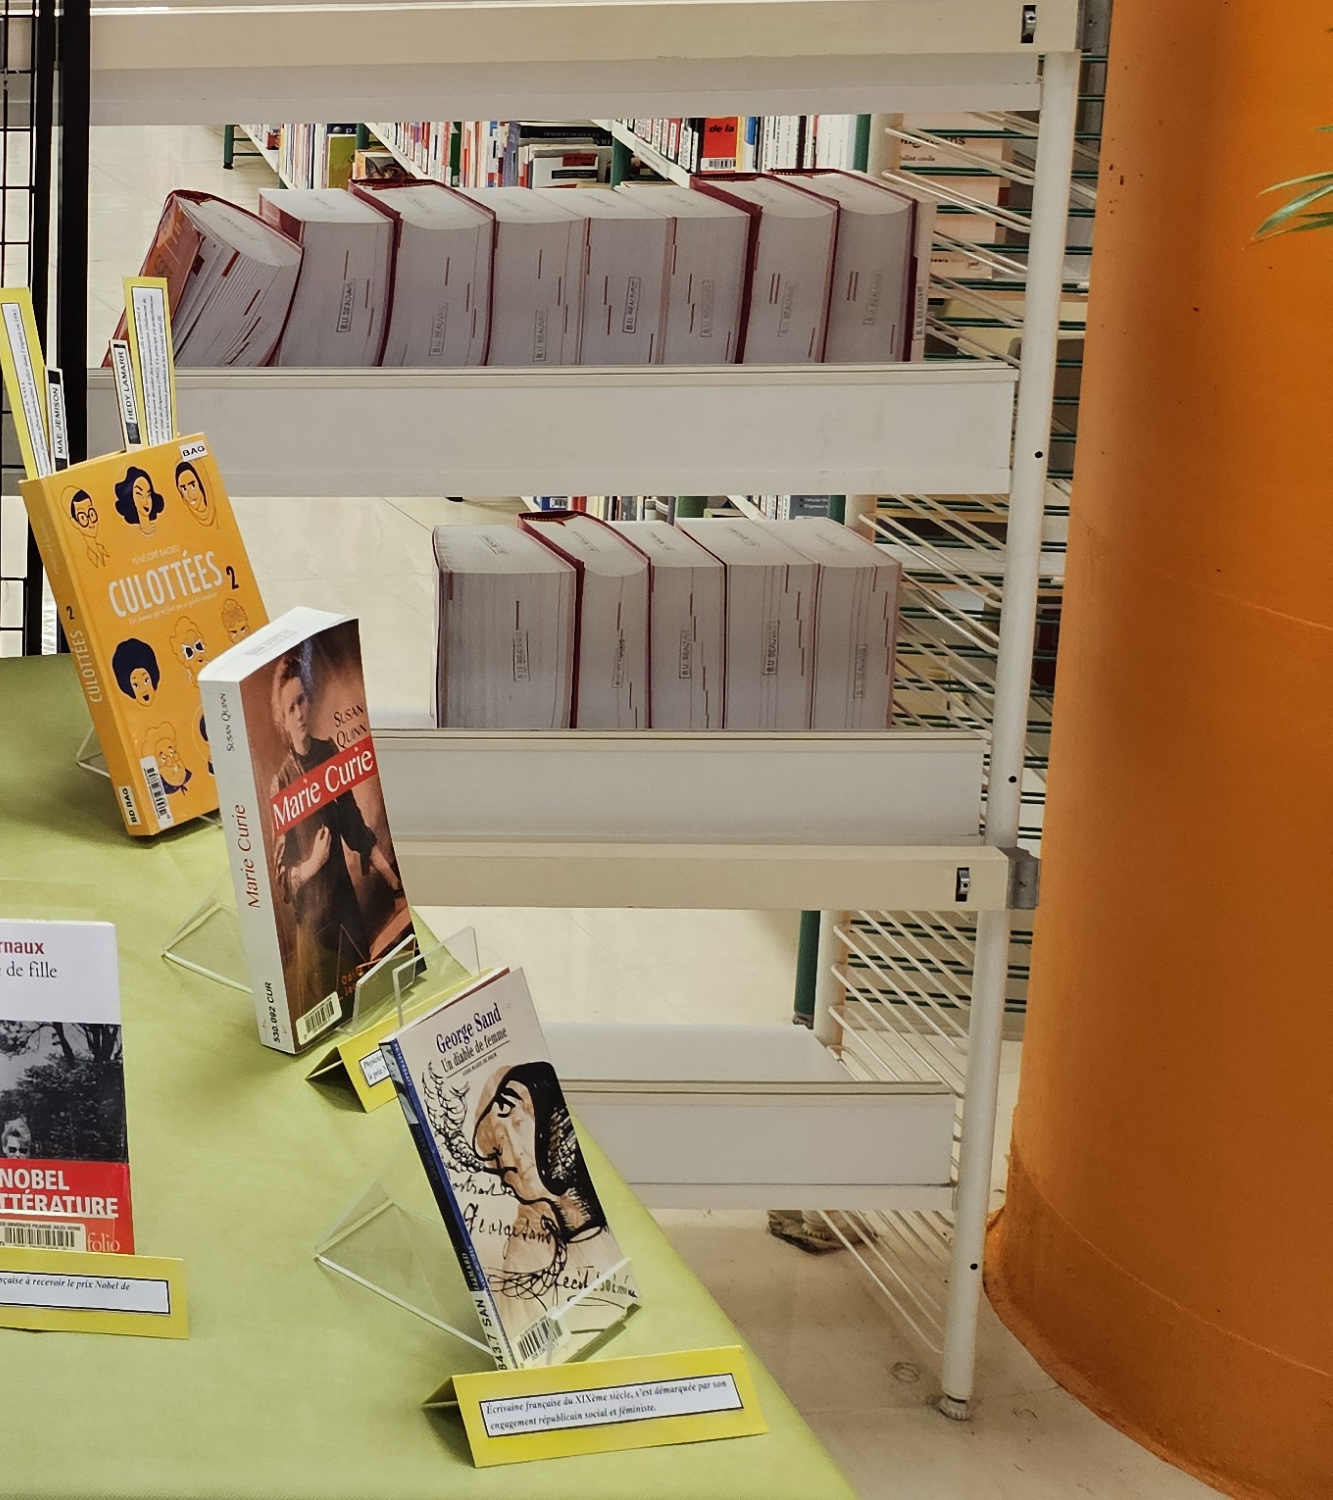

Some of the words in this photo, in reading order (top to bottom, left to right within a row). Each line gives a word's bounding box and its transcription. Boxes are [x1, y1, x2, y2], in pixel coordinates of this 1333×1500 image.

[118, 351, 130, 395] LAMARR
[51, 387, 62, 431] JEMISON
[125, 395, 134, 420] HEDY
[108, 551, 223, 618] CULOTTÉES
[226, 566, 239, 590] 2
[333, 704, 363, 727] SUSAN
[336, 723, 367, 749] QUINN
[272, 780, 321, 832] Marie
[324, 749, 374, 796] Curie
[235, 804, 251, 851] Curie
[246, 856, 260, 908] Marie
[6, 959, 24, 977] de
[28, 961, 57, 979] fille
[265, 982, 274, 1003] CUR
[269, 1006, 281, 1043] 530.092
[436, 1023, 474, 1054] George
[473, 1002, 502, 1032] Sand
[441, 1058, 454, 1073] Un
[453, 1046, 475, 1067] diable
[474, 1039, 485, 1054] de
[483, 1028, 508, 1049] femme
[87, 1232, 120, 1253] folio
[67, 1279, 74, 1288] le
[76, 1280, 93, 1289] prix
[95, 1280, 118, 1290] Nobel
[121, 1282, 130, 1291] de
[478, 1299, 492, 1327] SAN
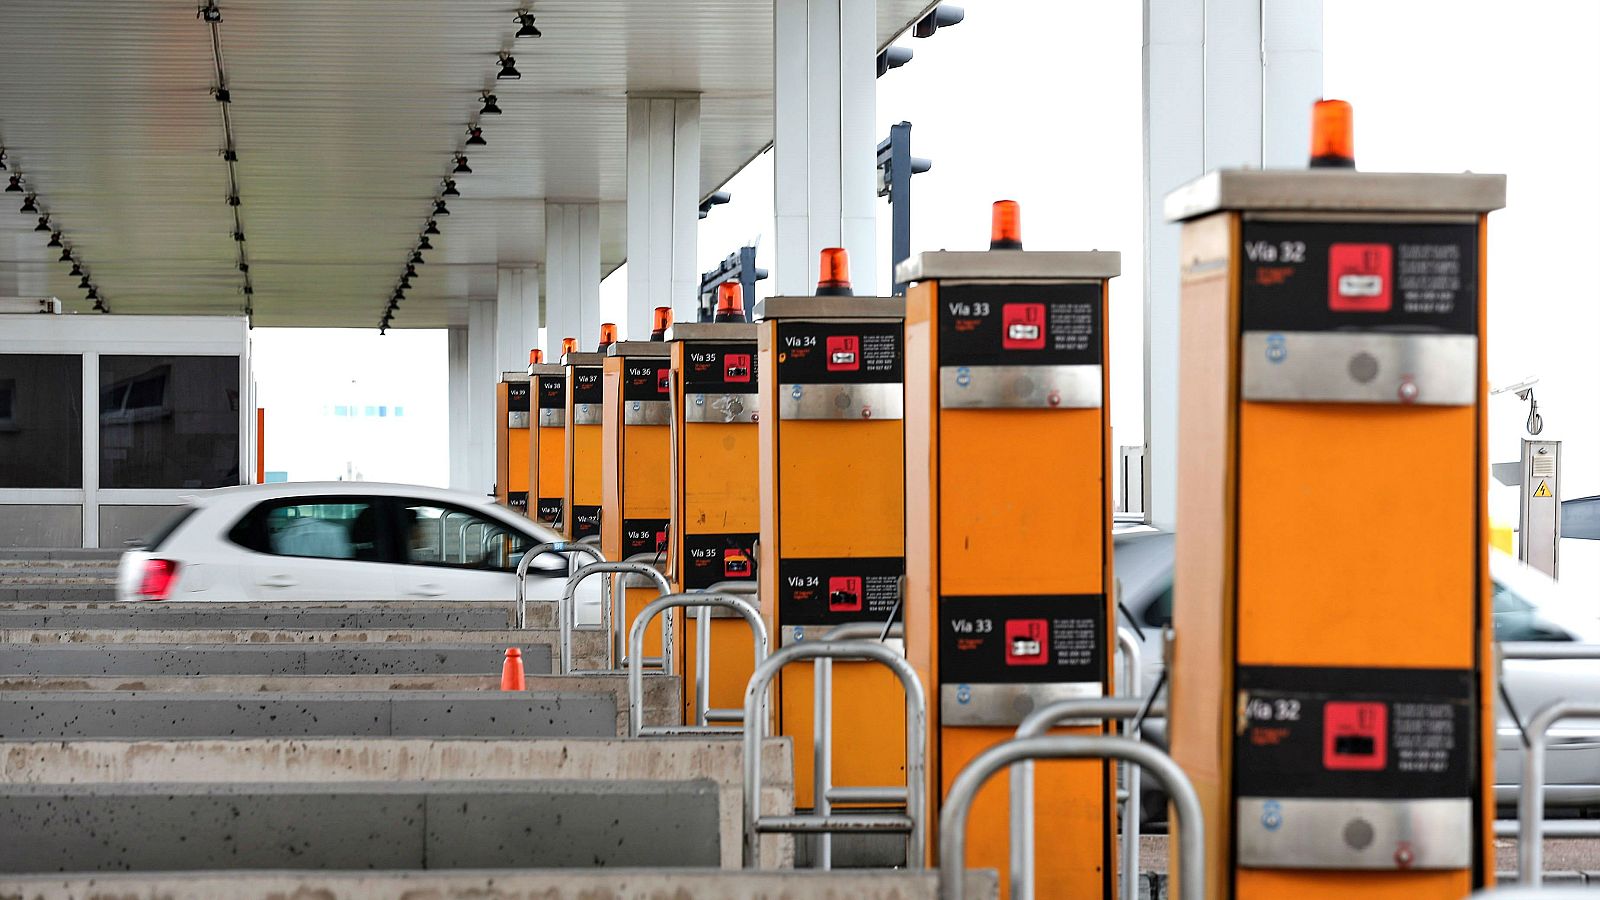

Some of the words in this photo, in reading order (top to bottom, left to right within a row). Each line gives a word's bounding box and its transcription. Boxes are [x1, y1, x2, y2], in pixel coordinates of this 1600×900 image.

[1279, 240, 1307, 263] 32
[973, 302, 990, 316] 33
[803, 336, 817, 347] 34
[705, 352, 717, 362] 35
[640, 367, 651, 376] 36
[589, 375, 598, 383] 37
[640, 531, 650, 540] 36
[705, 548, 717, 558] 35
[805, 576, 819, 587] 34
[975, 619, 993, 633] 33
[1274, 698, 1302, 721] 32
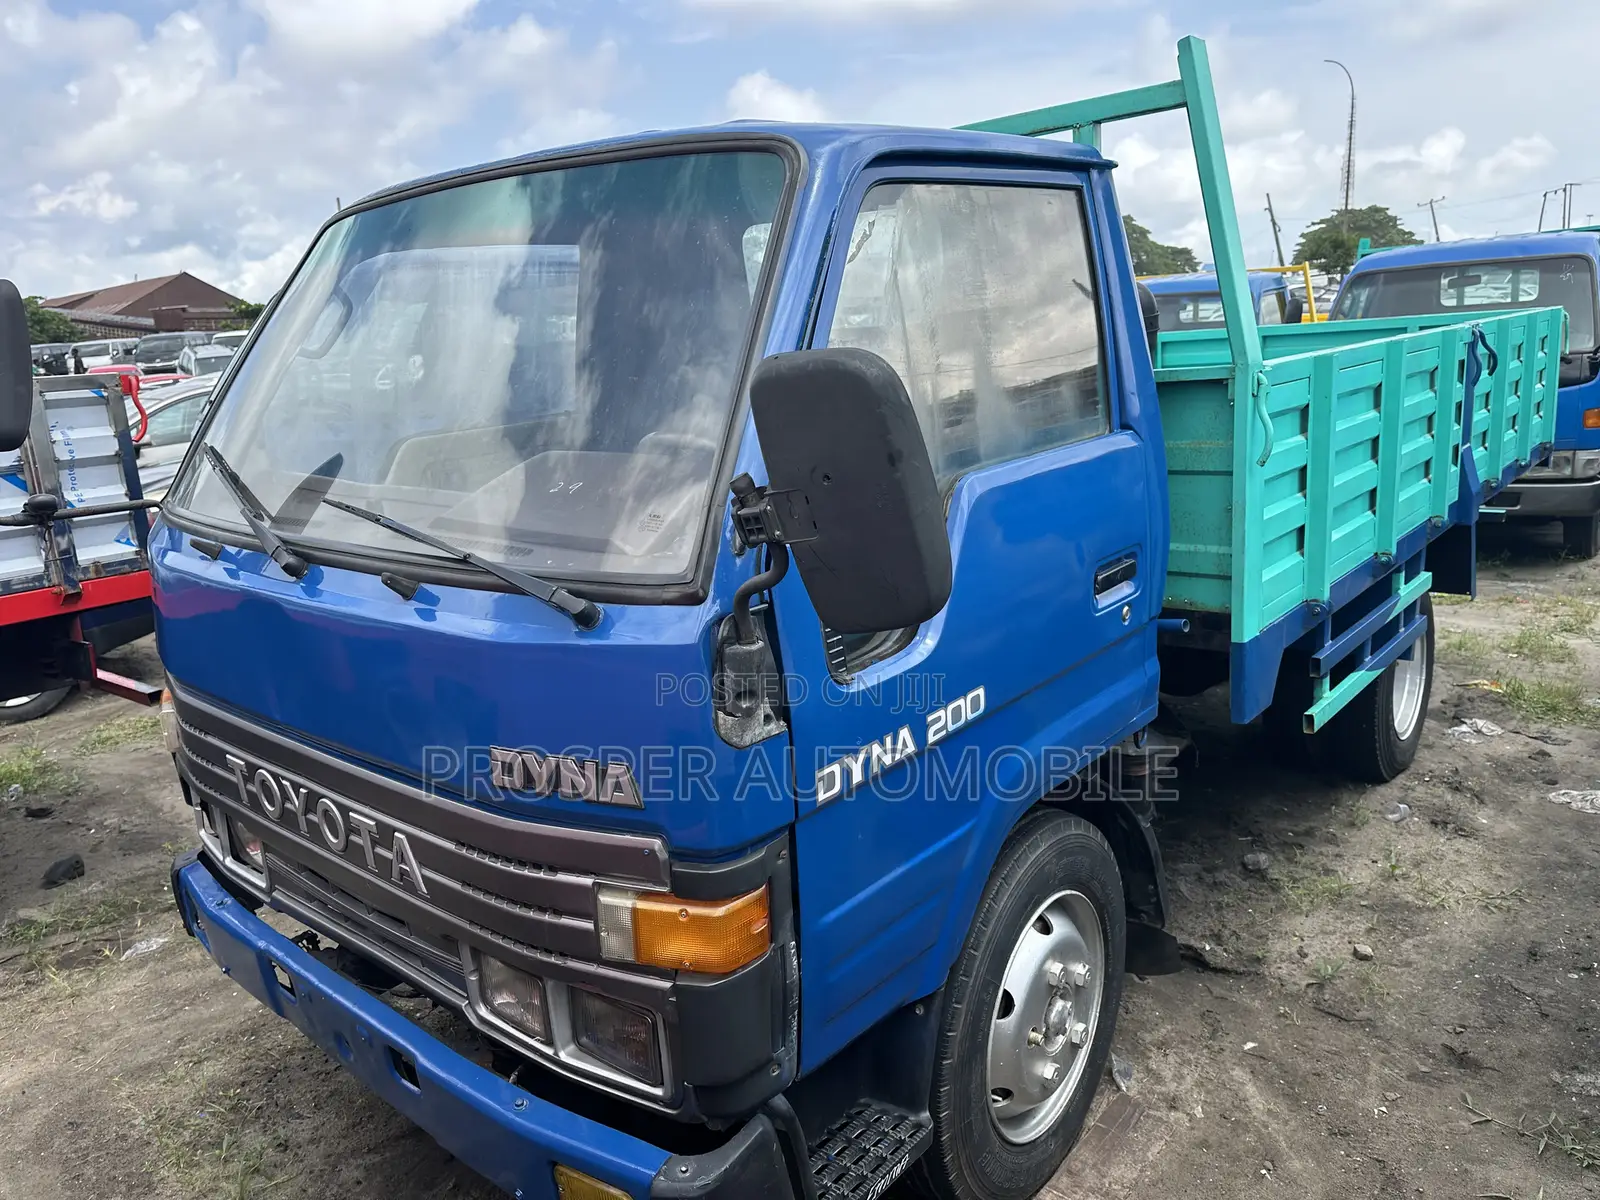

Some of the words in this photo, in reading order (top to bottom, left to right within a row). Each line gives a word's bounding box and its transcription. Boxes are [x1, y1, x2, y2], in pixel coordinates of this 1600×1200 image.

[67, 448, 79, 492] Proteve
[74, 492, 86, 503] PE
[489, 745, 645, 810] DYNA
[816, 724, 918, 807] DYNA
[926, 685, 986, 746] 200
[226, 754, 430, 898] TOYOTA
☆ ☆ ☆
* _Required action_
Give back exactly the lines from the one with "this 1600×1200 image." through the final line of the material, both ends included, and no others.

* _Completed task_
Some of the words in this photo, in reading order (top to bottom, left to right within a row). Each line gives a word's bounding box and its transcription. Boxes are [x1, y1, x2, y2], in pixel coordinates of this 1600×1200 image.

[67, 448, 79, 492] Proteve
[74, 492, 86, 503] PE
[489, 745, 645, 810] DYNA
[816, 724, 918, 807] DYNA
[926, 685, 986, 746] 200
[226, 754, 430, 898] TOYOTA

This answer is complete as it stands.